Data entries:
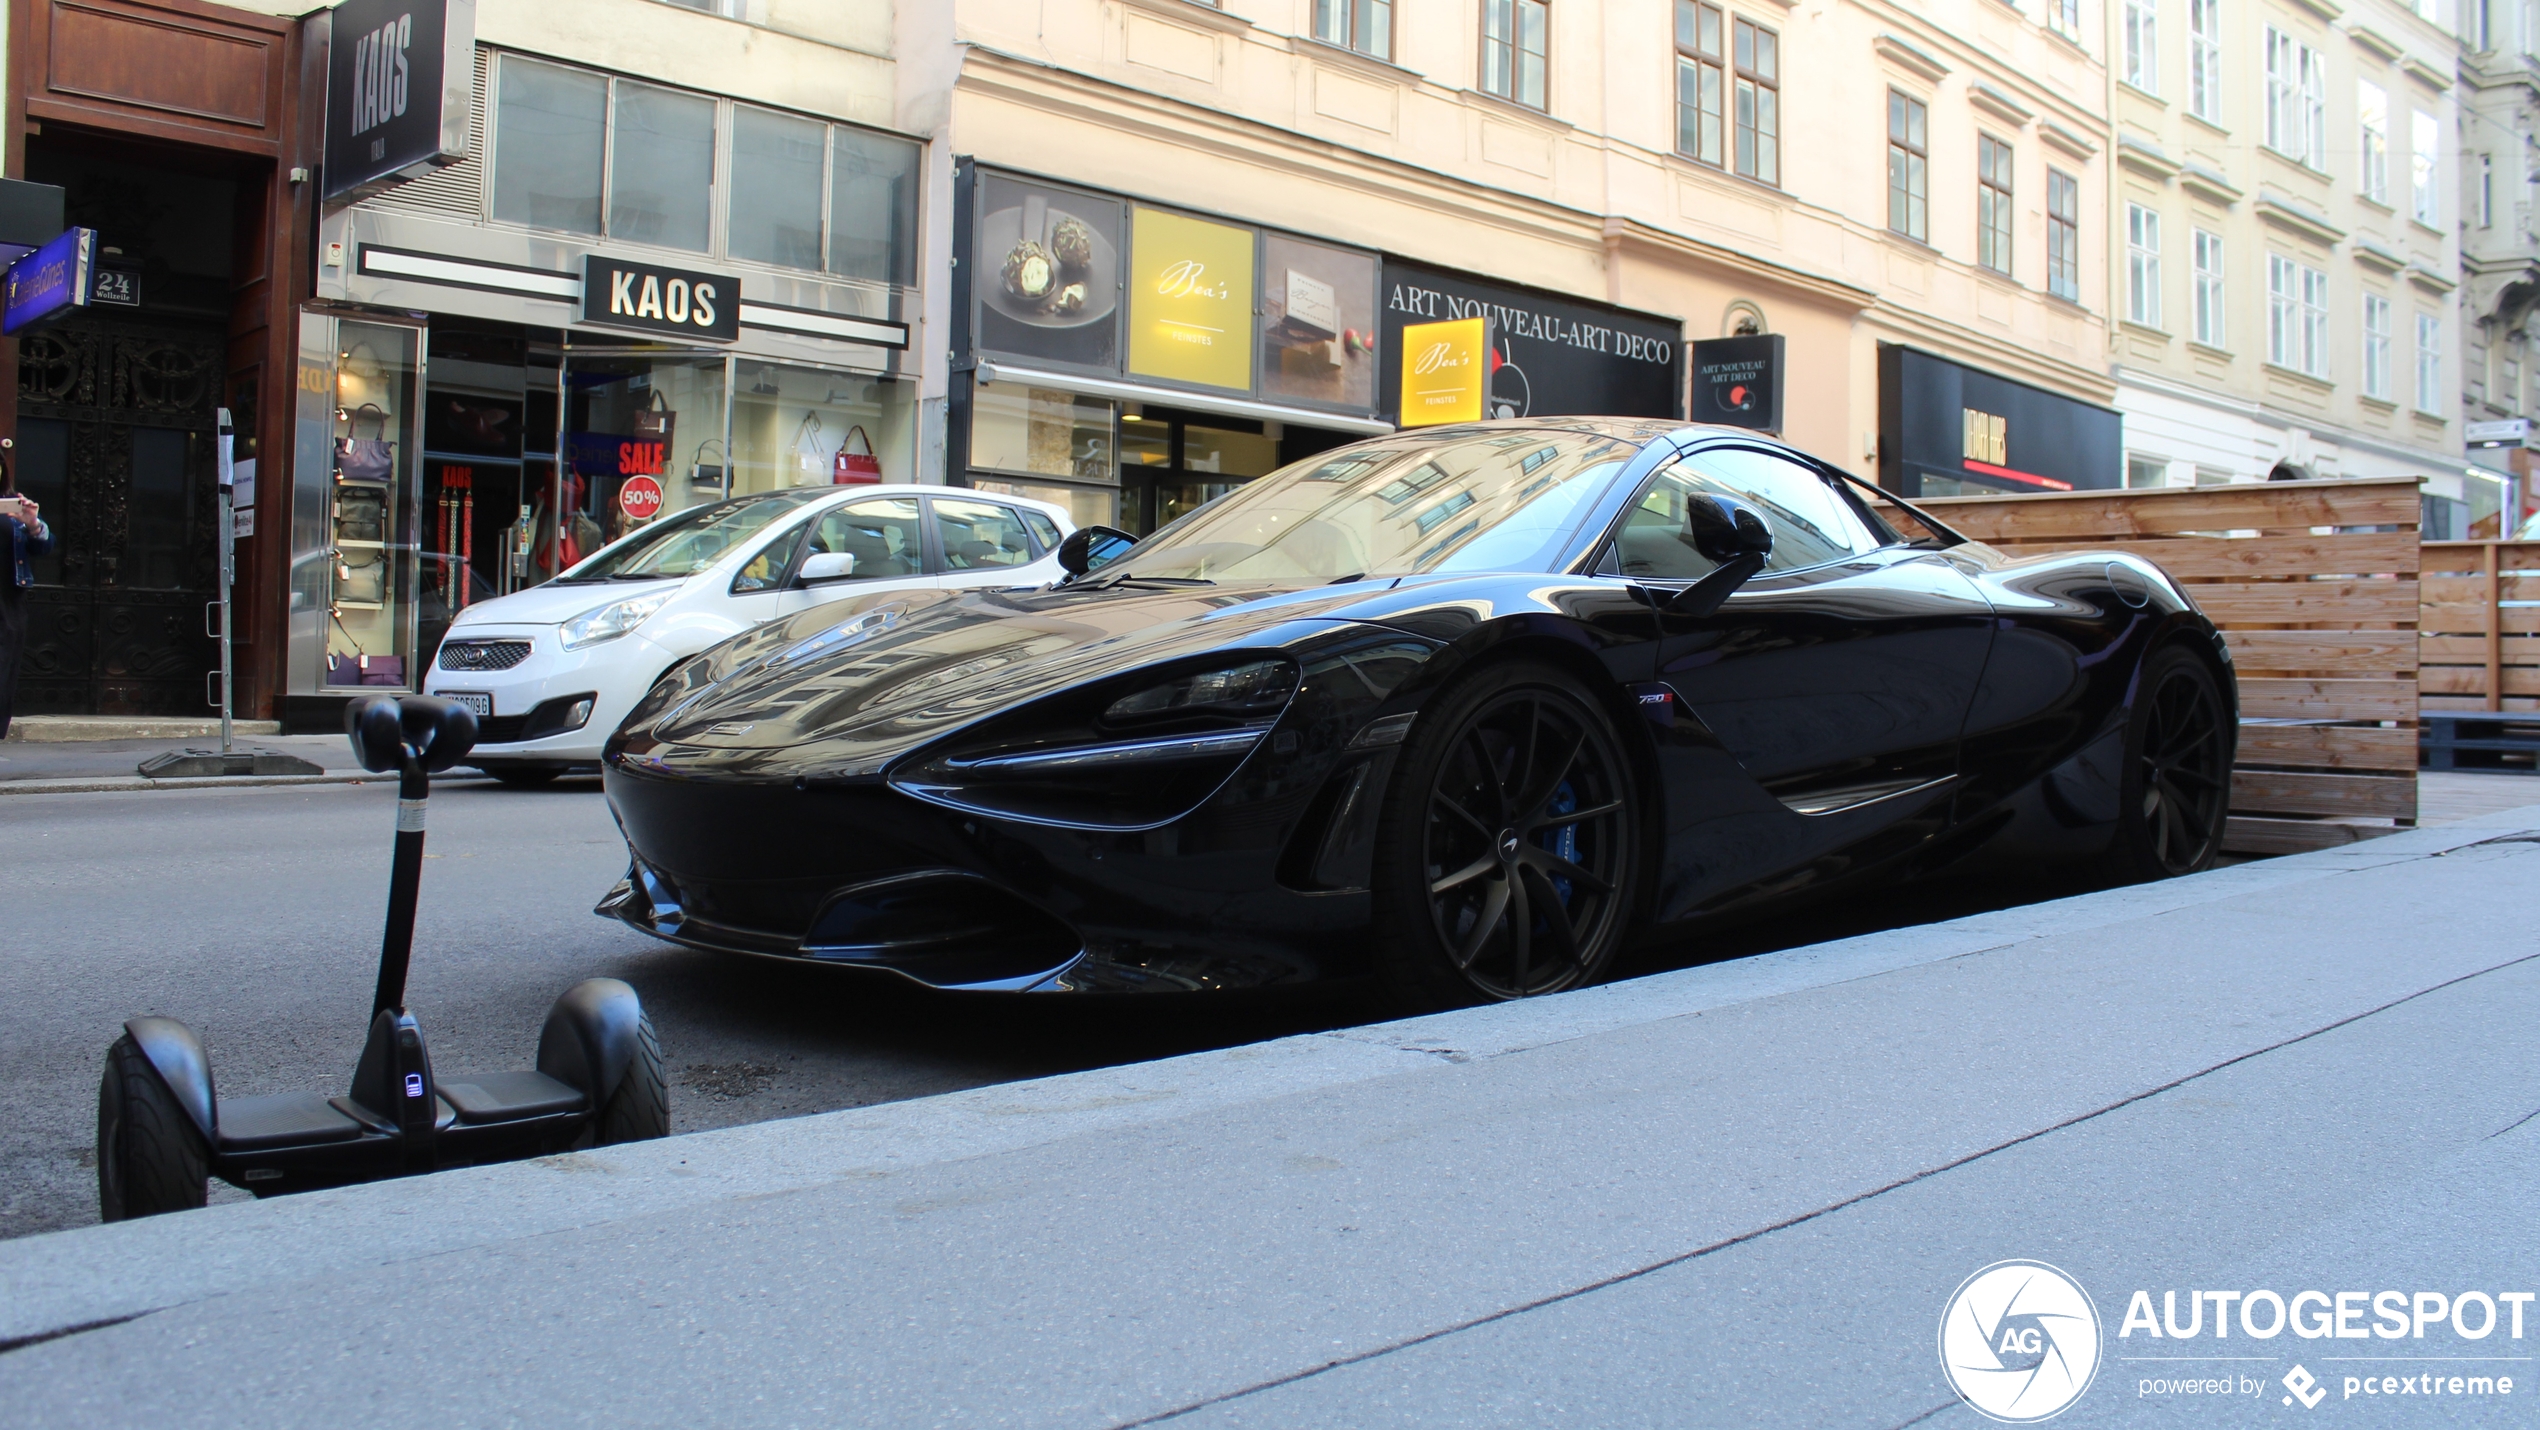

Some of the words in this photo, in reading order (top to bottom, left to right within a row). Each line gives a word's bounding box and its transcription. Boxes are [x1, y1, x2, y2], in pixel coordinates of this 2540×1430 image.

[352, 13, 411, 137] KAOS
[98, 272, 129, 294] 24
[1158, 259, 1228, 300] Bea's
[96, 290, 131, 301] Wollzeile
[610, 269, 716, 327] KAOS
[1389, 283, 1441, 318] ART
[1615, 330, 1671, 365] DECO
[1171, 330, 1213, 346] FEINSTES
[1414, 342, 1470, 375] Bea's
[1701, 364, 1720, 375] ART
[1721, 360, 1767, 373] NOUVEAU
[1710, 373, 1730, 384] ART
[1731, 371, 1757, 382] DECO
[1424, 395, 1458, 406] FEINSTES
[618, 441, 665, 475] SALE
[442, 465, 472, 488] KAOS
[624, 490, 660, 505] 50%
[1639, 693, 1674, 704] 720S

*PROBLEM STATEMENT*. Write the entries out in full and exactly, omitting every picture.

*TASK SOLUTION*.
Some of the words in this photo, in reading order (top to bottom, left to right within a row). Each line gives a word's bounding box and its transcription. Boxes are [x1, y1, x2, y2], in pixel coordinates of this 2540×1430 image.

[352, 13, 411, 137] KAOS
[98, 272, 129, 294] 24
[1158, 259, 1228, 300] Bea's
[96, 290, 131, 301] Wollzeile
[610, 269, 716, 327] KAOS
[1389, 283, 1441, 318] ART
[1615, 330, 1671, 365] DECO
[1171, 330, 1213, 346] FEINSTES
[1414, 342, 1470, 375] Bea's
[1701, 364, 1720, 375] ART
[1721, 360, 1767, 373] NOUVEAU
[1710, 373, 1730, 384] ART
[1731, 371, 1757, 382] DECO
[1424, 395, 1458, 406] FEINSTES
[618, 441, 665, 475] SALE
[442, 465, 472, 488] KAOS
[624, 490, 660, 505] 50%
[1639, 693, 1674, 704] 720S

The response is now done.